Thread: Unusual use for integral, explanation why?

1. Unusual use for integral, explanation why?

Hi,

So I have the following problem:

A vessel is in the form of an inverted circular cone with a semi-vertical angle of 30 degrees. Water is poured in at 5cm^3/min and leaks out from a hole at the bottom at a rate of $\frac{\sqrt{h}}{30}$cm^3/min. Set up the integral that gives the time for the depth to change from 0.5cm to 5cm.

I have got the (correct) integral:

$\frac{dt}{dh} = \frac{10*\pi*h^2}{150-\sqrt{h}}$

Then the answers say I should take the integral of the above equation, with respect to h, from h=0.5 to h=5.

I'm wondering, why? Doesn't taking that integral just find the area of the curve? How does it relate to the question? Or does doing that subtract the time at t=5 from the time at t=0.5?

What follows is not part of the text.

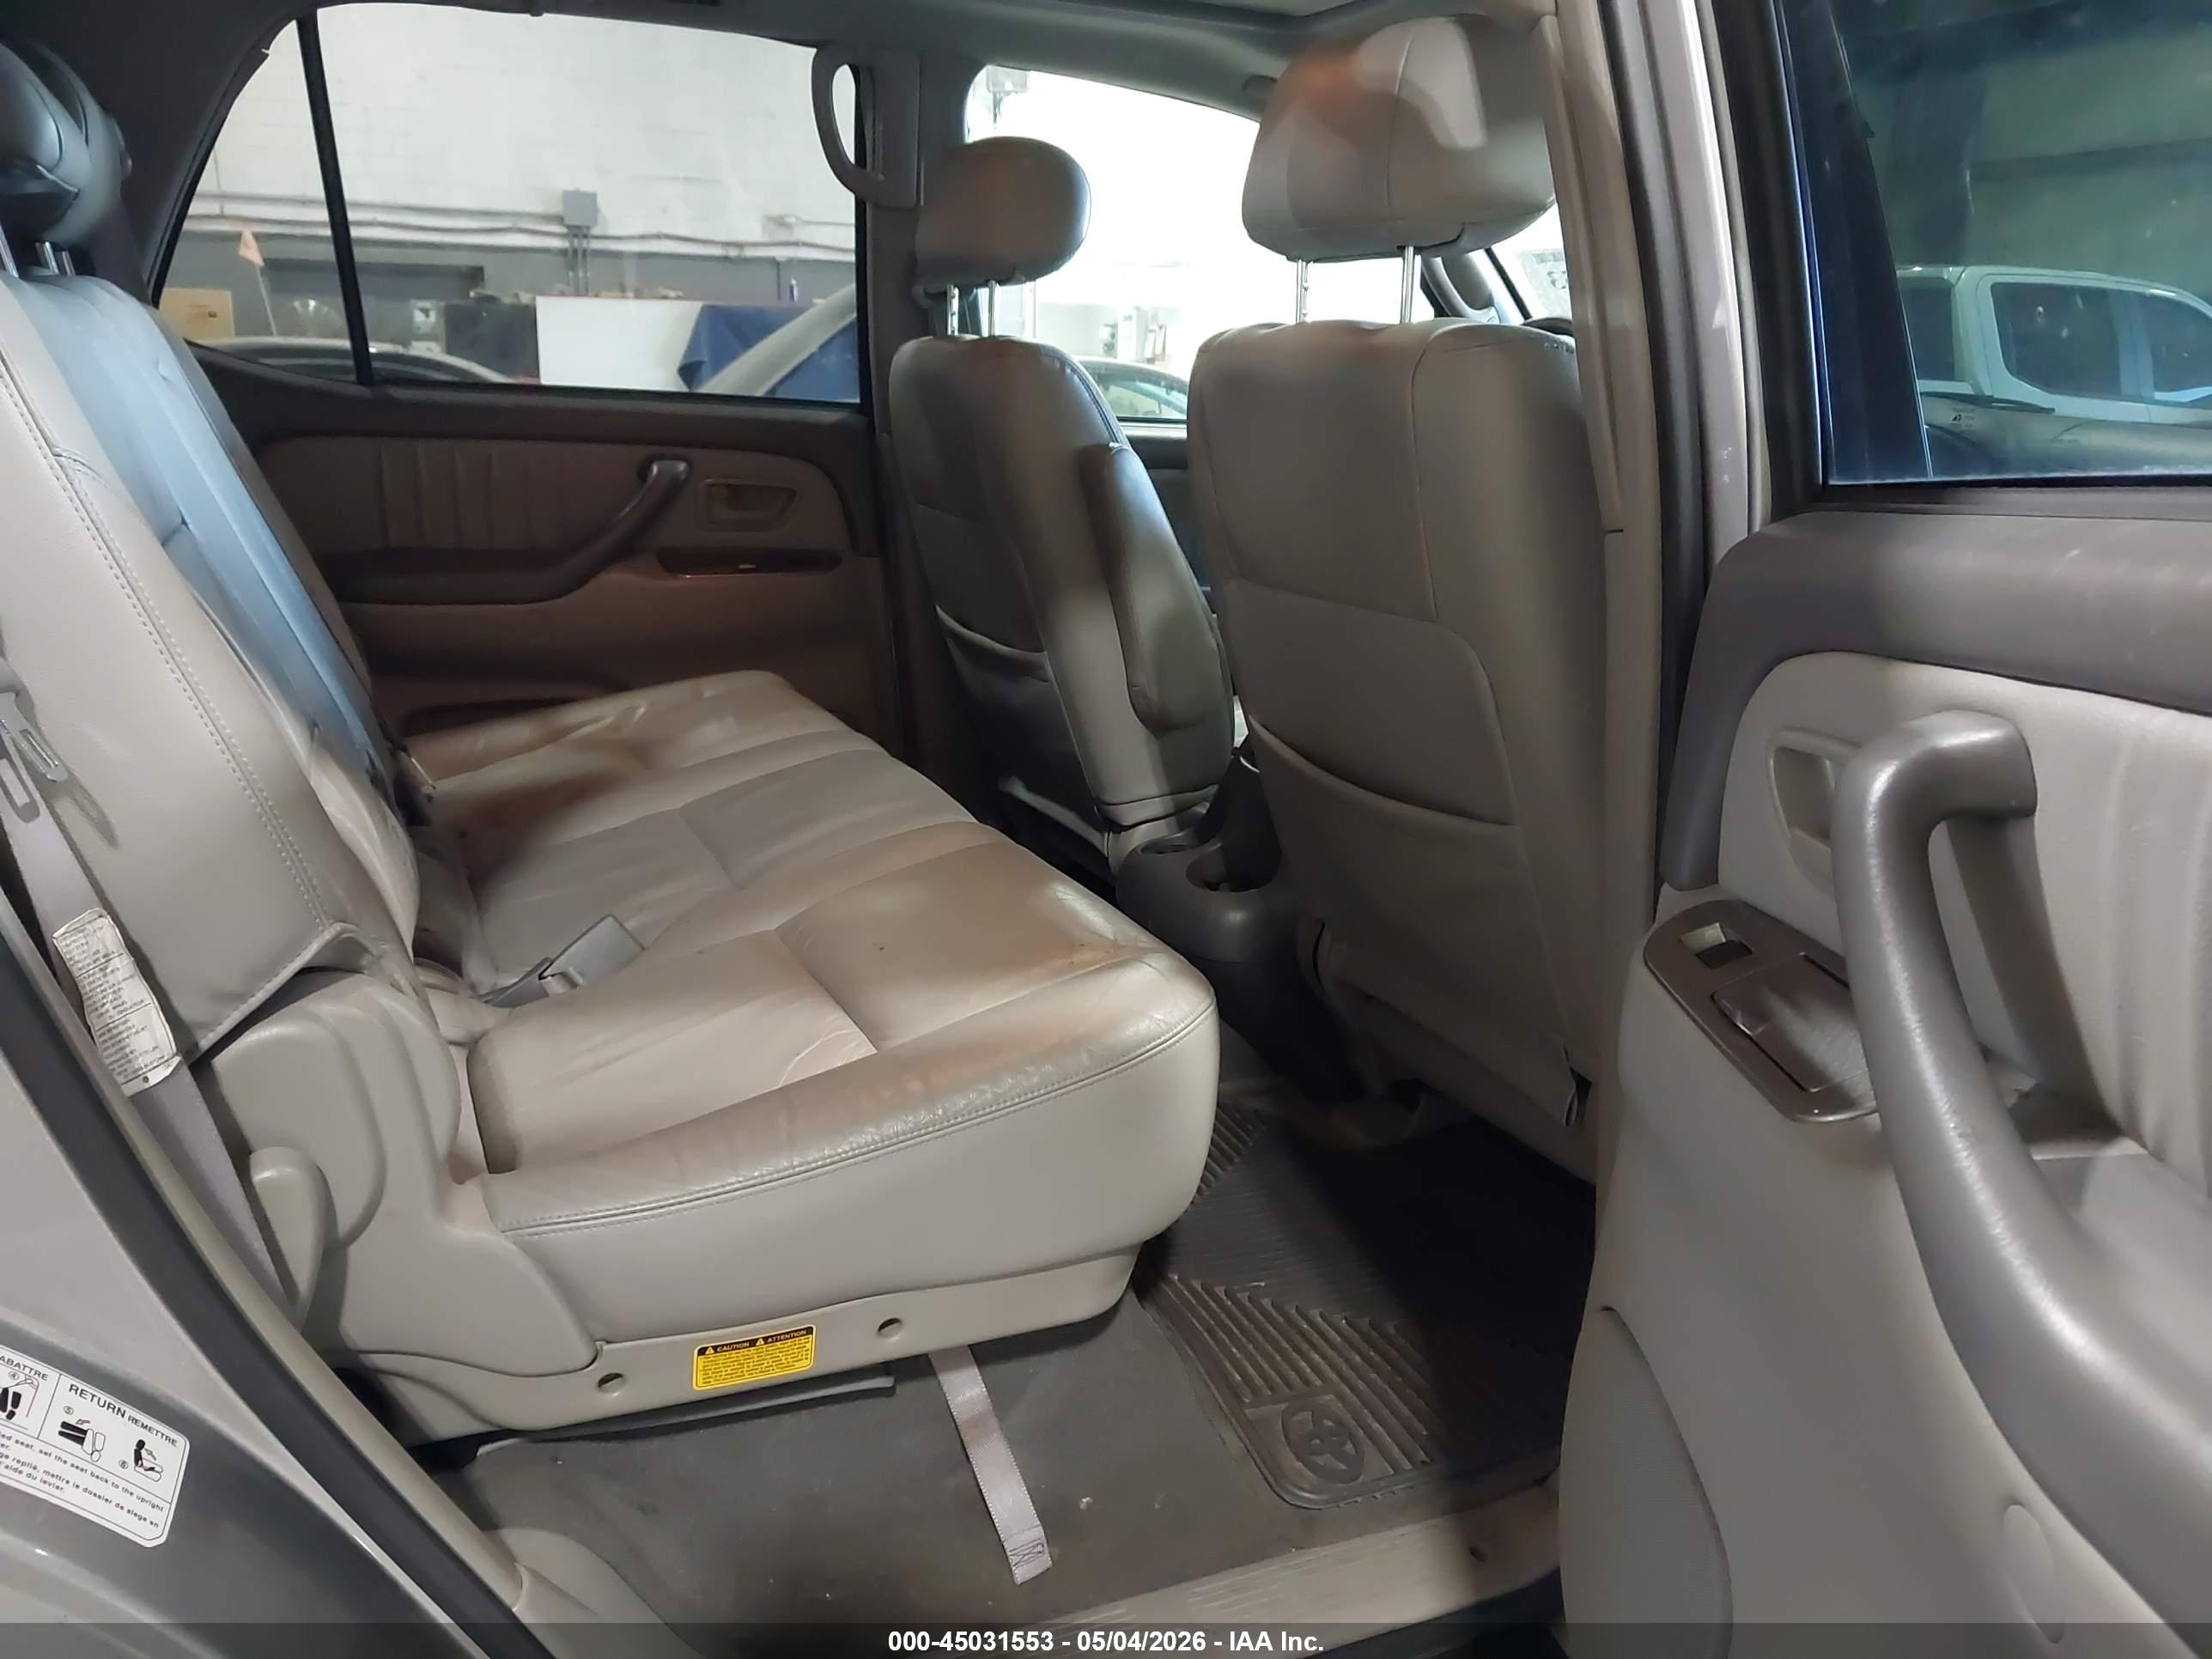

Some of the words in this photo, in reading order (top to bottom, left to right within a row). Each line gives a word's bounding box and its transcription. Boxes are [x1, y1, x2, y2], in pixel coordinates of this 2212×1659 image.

Just confused about the why. Thanks!

2. You are right! It does find the area UNDER the curve. However, it is not just any ordinary area. The x-axis (or h-axis) measures distance (that is length). The y-axix measures dt/dh which is the rate of change of time with respect to distance (h). That is the y axis measures time/length. If you have a square with corners (0,0),(a,0),(0,b),(a,b) in the dt/dh versus h plane, it's area is just a*b and the units are length*time/length = time. So the area actually signifies time!

3. Ah, much clearer now. Thanks heaps!